There’s a fantastic new podcast Kill James Bond! providing a critical eye on the tired old cliché and media it inspired, from the Ennio Morricone-scored, Neil Connery-starring Operation Kid Brother to apparent #wifeguy Michel Hazanavicius’ revisionist French takes on the Bond also-ran OSS 117. Something clicked hearing the hosts discuss the joy the hero of the latter, Jean Dujardin’s entitled, thoughtless Hubert Bonisseur de la Bath, takes in simple moments and simple experiences. Joys typically filled with double entendres, like having his biscuit buttered or getting oiled up, as well as those that provided novel thrills for a 1950s character, such as taking an airplane… or, for a dandy, getting a chance to wear his new alpaca tuxedo.
Anyone reading this has probably secretly had similar moments, moments that you can’t share with a partner, of finding the perfect occasion, the perfect excuse for being able to display a fanciful indulgence. And, along with other fanciful details of old 1950s and 1960s spy movies like rear-projected driving scenes and blue-filtered day-for-nights, the makers of OSS 117: Cairo, Nest of Spies brought back the old tradition of having the hero’s suits made by a reputable tailor. Sean Connery and Patrick McGoohan had Savile Row tailor Anthony Sinclair, Cary Grant had a slew of Internet bores attempting to decipher a maker’s label in North by Northwest, and Dujardin’s spy had Jo Kergoat, renowned Paris tailor and protégé of none other than André Bardot, a founding member of the Groupe des Cinq of French custom tailors, the circle of prestigious 1950s tailors who shaped what French tailoring is today.

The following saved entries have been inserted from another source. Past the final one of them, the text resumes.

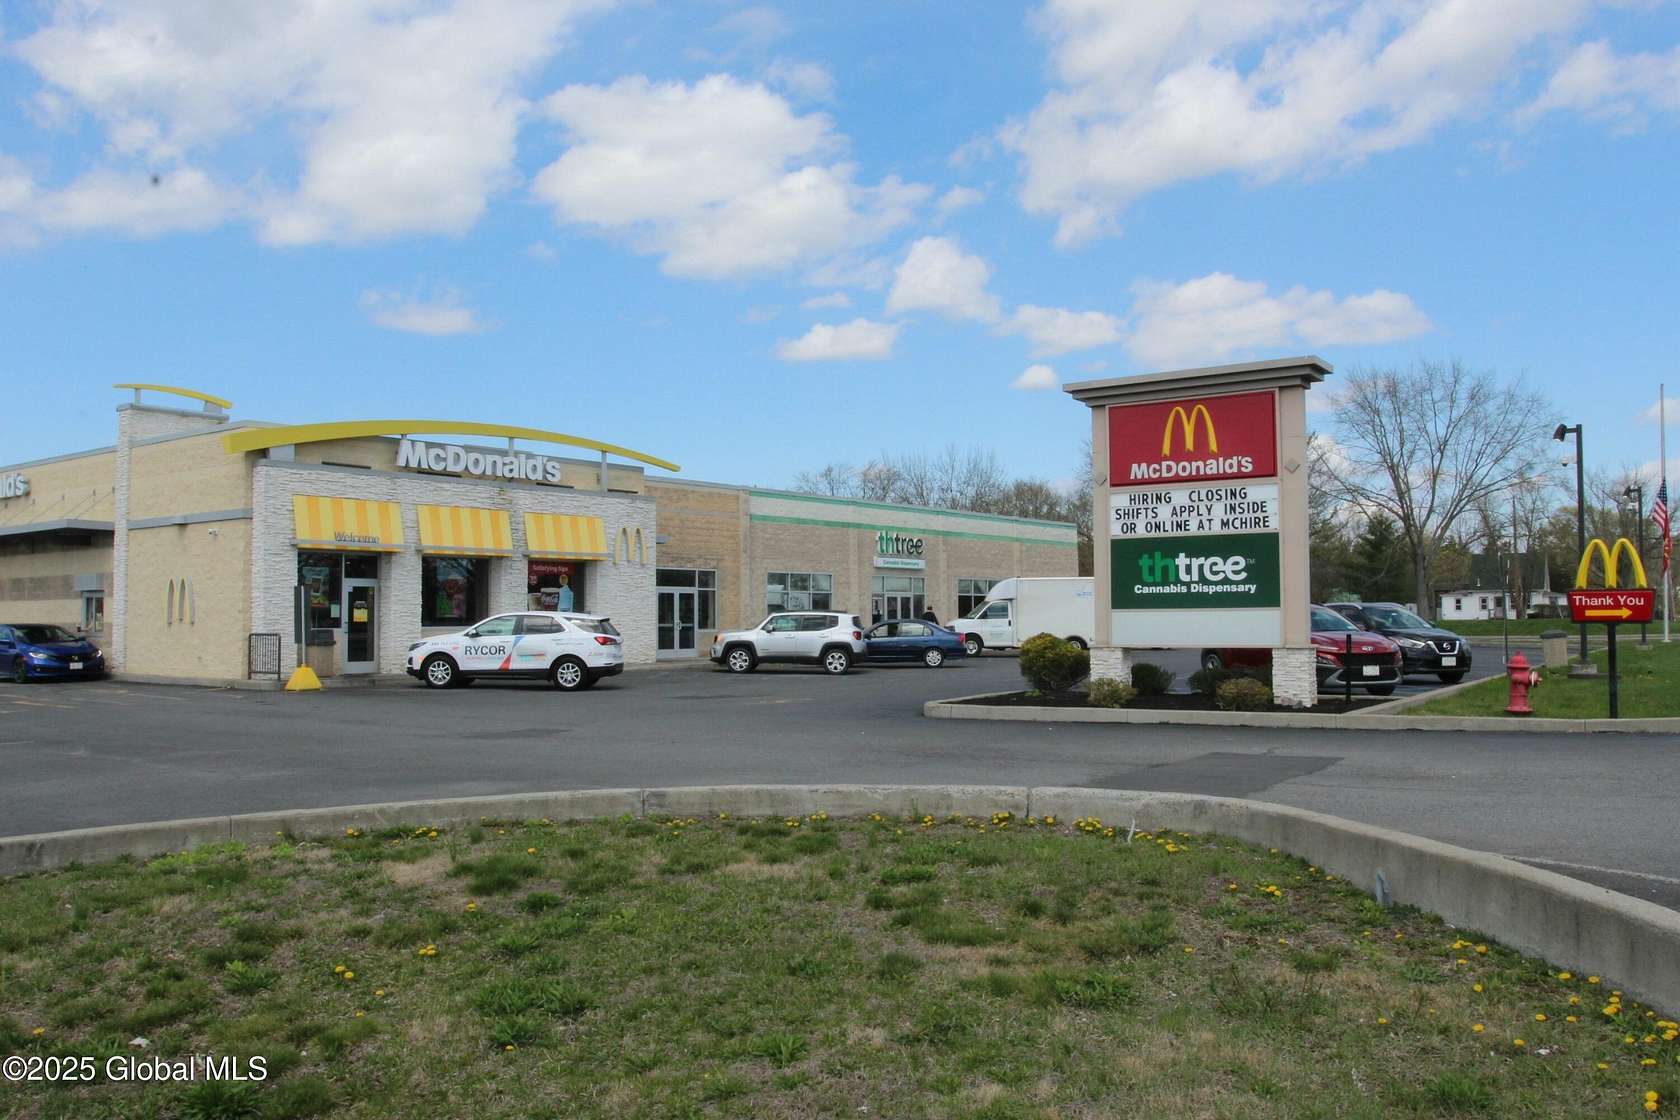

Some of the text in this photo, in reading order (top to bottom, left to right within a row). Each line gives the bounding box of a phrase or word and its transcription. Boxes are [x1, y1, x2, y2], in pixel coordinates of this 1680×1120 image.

[398, 439, 561, 482] McDonald's
[1130, 455, 1254, 480] McDonald's
[1129, 487, 1248, 505] HIRING CLOSING
[1115, 501, 1268, 521] SHIFTS APPLY INSIDE
[1121, 514, 1270, 535] OR ONLINE AT MCHIRE
[334, 531, 380, 545] Welcome
[876, 530, 925, 556] thtree
[1138, 550, 1248, 583] thtree
[1134, 582, 1257, 596] Cannabis Dispensary
[1573, 595, 1645, 606] Thank You
[464, 645, 506, 657] RYCOR

What is today? As tailored by Kergoat (who made 47 suits for the movie), Dujardin is a perfect French parody of Sean Connery, immaculately dressed in elegant detail – far better, for instance, than Daniel Craig ever has been as James Bond. Dujardin has reprised the role twice, once in 2009’s OSS 117: Lost in Rio, and now in OSS 117: Red Alert in Black Africa, which is slated to come out around the same time as the oft-delayed Bond film No Time to Die. In the meantime, during the long uncertainty of the pandemic, Jo Kergoat, who has previously raved that “everything’s going to hell and soon there won’t be a single real tailor in Paris," has helped fulfill his own prophecy and hung up his shears, at 91.
Hazanavicius and Dujardin have worked on other projects together, including the prominently Oscar-ed The Artist. Another period piece, it also featured the unusual attention to detail of French bespoke crafted clothing for Dujardin, this time from the custom tailor and shirtmaker at Lanvin, the oldest continuously existing French fashion house. Such a step was coherent with Dujardin’s role, a silent film star confronted with the new age of Hollywood talkies, in an age where studio systems practically required stars to maintain the same care in their off-camera appearance as in their highly orchestrated films. Not only was Lanvin one of Paris’ oldest couture houses, but with its men’s custom business founded in 1926 (in magnificent Art Deco premises decorated by Armand-Albert Rateau), it was one of the old guard of established French tailors, mostly forgotten names like Cristiani, Larsen, Knize and Creed (yes, the overhyped perfumers of today were once custom tailors to none other than the Shah of Iran, among others). An old guard against whom Bardot’s Groupe des Cinq had rebelled around the time that the action in the first OSS 117 movie takes place, because those five tailors (Socrate, Waltener, Camps, Bardot and di Nota) had wanted to show more progressive designs, back when prestigious custom tailors could set fashion because they dressed men of fashion, rather than being the isolated, crumbling redoubts they are today. And Lanvin itself lost its own such redoubt, after just under a century as one of the best, tailor and shirtmaker in the world, in the last year after the actual people responsible for such craft fled to the relative safety of Francesco Smalto… a tailoring house founded, ironically, by one of the alumni of the Groupe des Cinq.
It cannot be too coincidental that those two absurdly well-dressed, well-tailored roles make Dujardin confront periods of uncertain transition: his silent matinee idol facing the advent of films with sound and a whole new style of acting, and OSS 117, he who acts out all of the things 007 elides, like the need to carefully remove his custom suit jacket, shoes and cufflinks before jumping into bed with the femme fatale du jour, faced with the disintegration of colonial empires, of the illusion of France as a great power. In a way, Hubert Bonisseur de la Bath is Eurocentrism himself, forced to encounter other cultures as they shrug off imperialism (in the case of his first film, through the Suez crisis that destroyed British and French pretenses of power), as all of the absolutes that composed his worldview break down. So indeed the tailors and shirtmakers that made him. One can no longer take the joys of an alpaca tuxedo for granted, no matter how elegant one momentarily looked in it.